With the improvement in World coffee prices in recent years, the value earned by producers has increased in most exporting countries. Driven by consumer preferences, products coming from third World countries are often still traded at very low price at the international market. And as is the case with coffee, the real value is added down-stream in the supply chain - allowing the importers, the roasters and the distributors a large financial gain.
And when roasted, beautifully packed, marked “gourmet” coffee and accompanied by a romantic story about handpicked coffee from the beautiful Ethiopian highlands... the price in the consumer market can be further increased.
Price example: 1 kilo of Ethiopian Sidama coffee costs:
0,5 US $ (12 ETB) directly from the farmer in the rural area
7 US $ (150 ETB) in a small shop in Addis
25 US $ (550 ETB) in a Danish discount supermarket
The farmers may be poor measured by Western standards - but there is always time and room for guests. And Ethiopian hospitality should be reckoned among those things that make the people of this country unique. Here the coffee is served in the traditional way, and typical for the area around Shone in Southern Ethiopia, with salt and butter. That takes a little getting used to.
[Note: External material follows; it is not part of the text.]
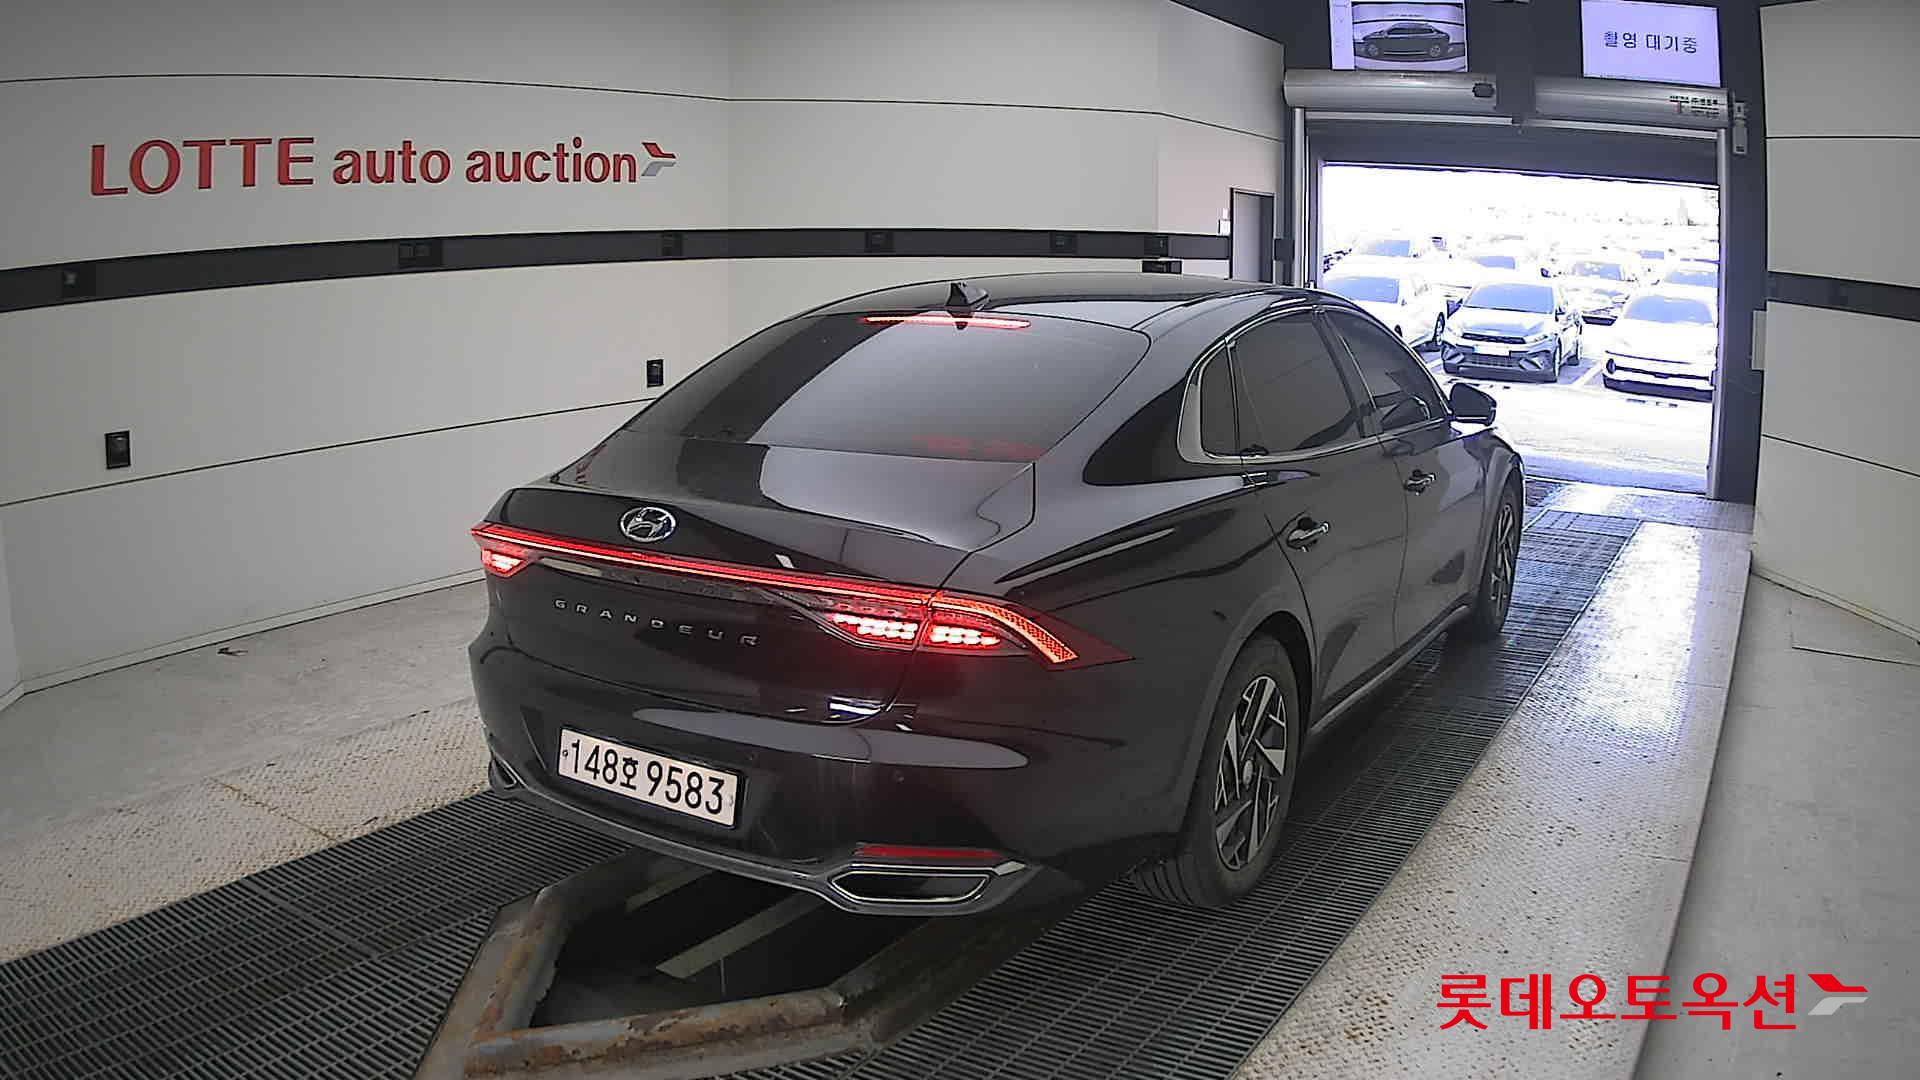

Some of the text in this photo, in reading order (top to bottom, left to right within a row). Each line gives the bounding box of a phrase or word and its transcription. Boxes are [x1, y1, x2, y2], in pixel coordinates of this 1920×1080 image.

[91, 136, 637, 196] LOTTE auto auction
[554, 599, 758, 646] GRANDEUR
[571, 739, 726, 815] 148호 9583
Outrageous exploitation and unfair trade, bordering slavery, some will call it. Others will refer to import tax and distribution costs, VAT and salary expences in the consumer countries. Either way, coffee - the most consumed drink in the world, representing enormous value in the international markets - has become the source of poverty for many farmers. And consumers can help by buying Fair Trade products. This applies to coffee as well as bananas and other products produced in third World countries.
Ethiopian Sidama Fairtrade coffee in a Danish discount supermarket.
Price per kilo 556 birr (US$ 28) per kilo.
World Trade Talks & Talks & Talks…
Trade should always supercede aid. And no country is interested in being dependent on aid forever. So the World Trade Organisation (WTO) must help by setting fair rules for trade, that can benefit all, especially including the farmers in the poor countries.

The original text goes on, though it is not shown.